__What the exercise asks__:
Your answer should be an exact copy of all the entries, free of pictures.

__Supplied material__:

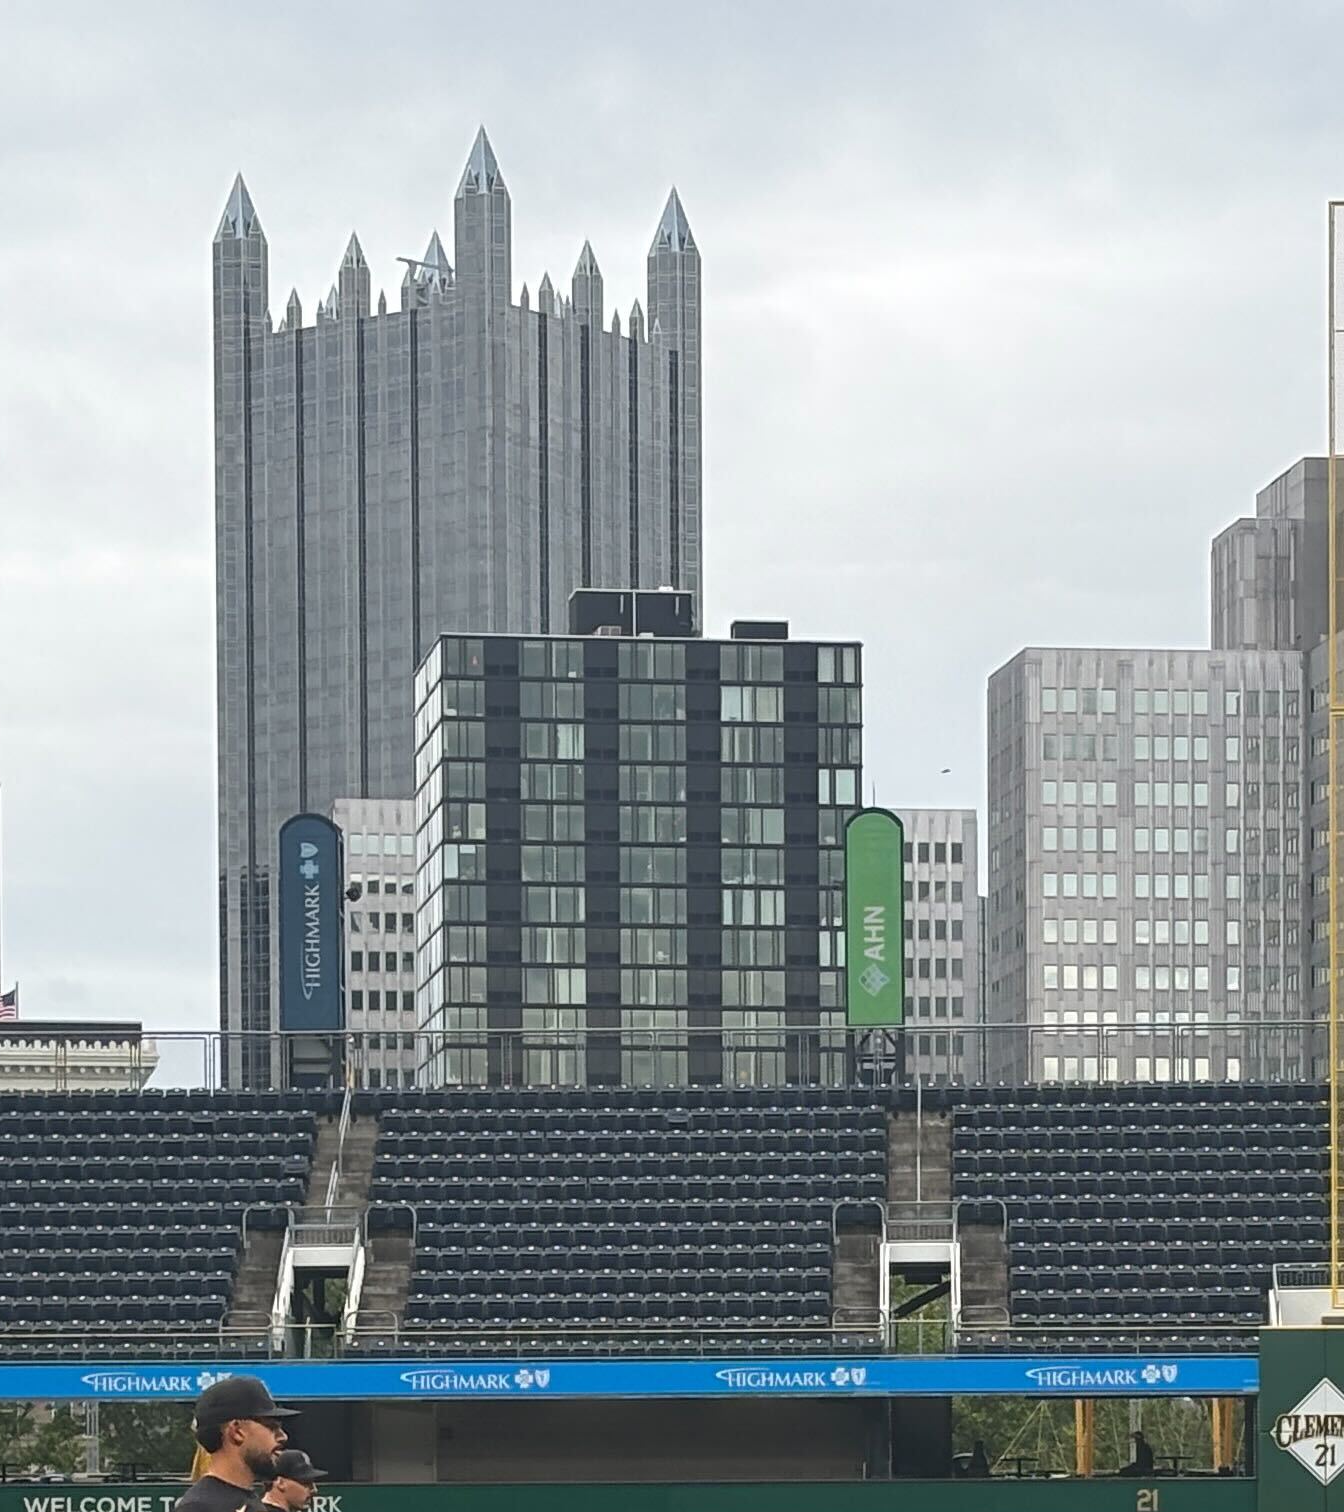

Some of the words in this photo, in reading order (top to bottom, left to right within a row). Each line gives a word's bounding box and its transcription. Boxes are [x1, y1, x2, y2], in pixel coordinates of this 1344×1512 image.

[302, 884, 320, 993] HIGHMARK
[864, 906, 886, 961] AHN
[87, 1374, 192, 1393] HIGHMARK
[405, 1371, 510, 1390] HIGHMARK
[721, 1370, 825, 1388] HIGHMARK
[1030, 1368, 1138, 1386] HIGHMARK
[1315, 1444, 1336, 1467] 21
[1136, 1489, 1159, 1512] 21
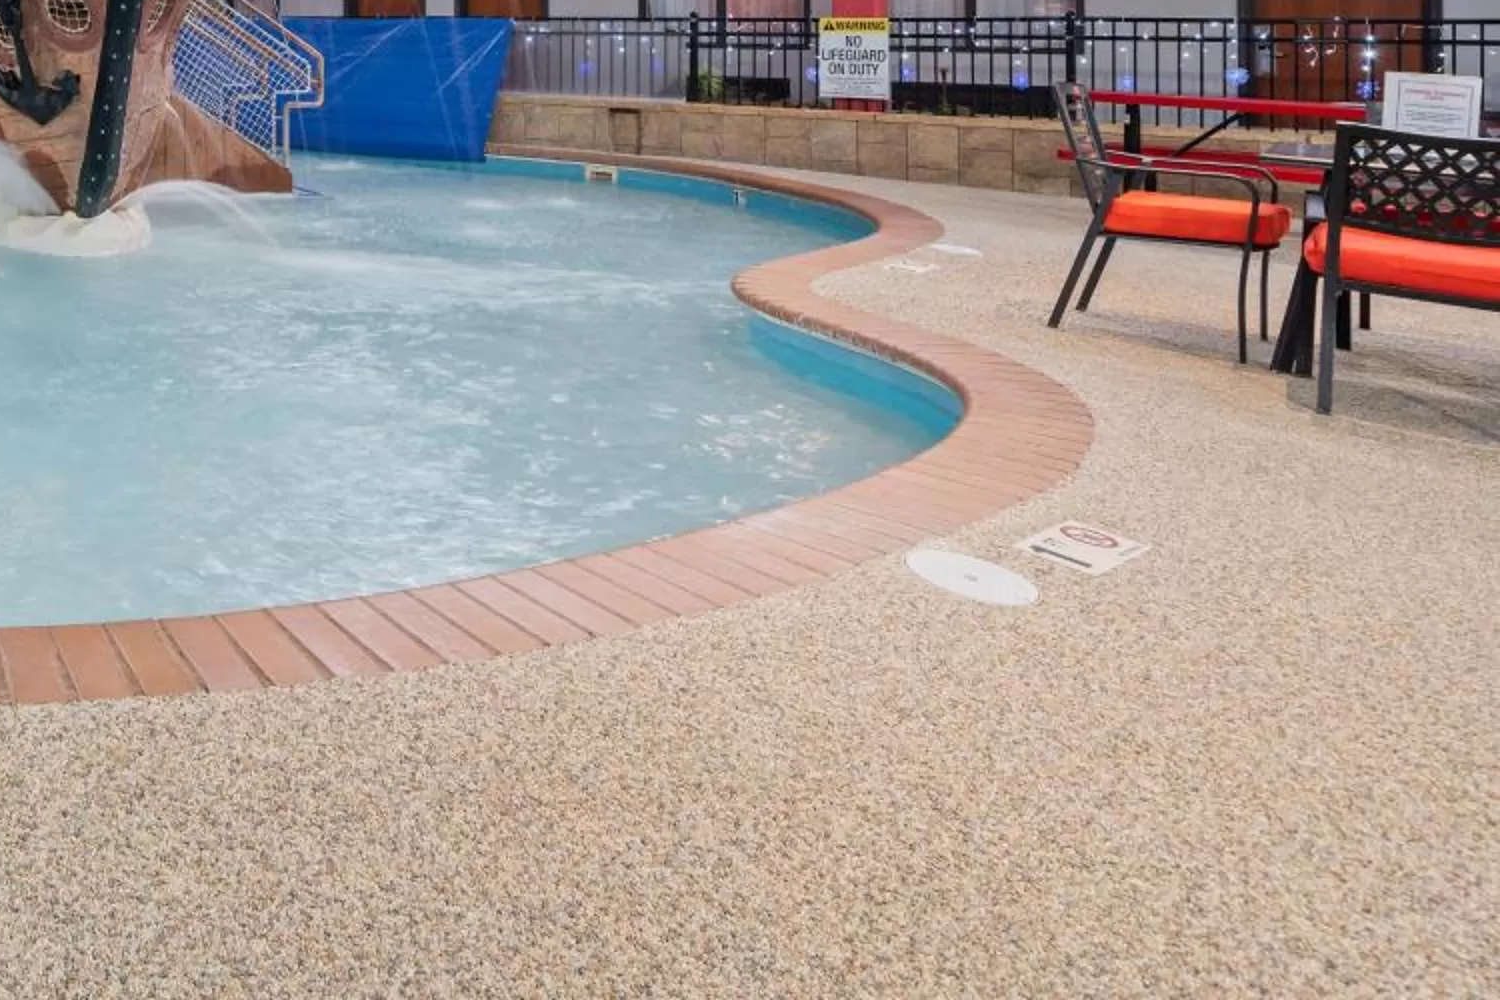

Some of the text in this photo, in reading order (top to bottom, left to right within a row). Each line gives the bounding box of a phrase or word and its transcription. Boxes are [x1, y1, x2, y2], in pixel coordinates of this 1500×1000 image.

[835, 21, 886, 31] WARNING
[845, 35, 863, 48] NO
[821, 49, 886, 63] LIFEGUARD
[828, 62, 880, 76] ON DUTY

__Exercise output__:
Some of the words in this photo, in reading order (top to bottom, left to right within a row). Each line gives a word's bounding box and its transcription. Boxes are [x1, y1, x2, y2], in pixel coordinates of this 1344×1512 image.

[302, 884, 320, 993] HIGHMARK
[864, 906, 886, 961] AHN
[87, 1374, 192, 1393] HIGHMARK
[405, 1371, 510, 1390] HIGHMARK
[721, 1370, 825, 1388] HIGHMARK
[1030, 1368, 1138, 1386] HIGHMARK
[1315, 1444, 1336, 1467] 21
[1136, 1489, 1159, 1512] 21

Some of the text in this photo, in reading order (top to bottom, left to right within a row). Each line gives the bounding box of a phrase or word and its transcription. Boxes are [x1, y1, x2, y2], in pixel coordinates of this 1500×1000 image.

[835, 21, 886, 31] WARNING
[845, 35, 863, 48] NO
[821, 49, 886, 63] LIFEGUARD
[828, 62, 880, 76] ON DUTY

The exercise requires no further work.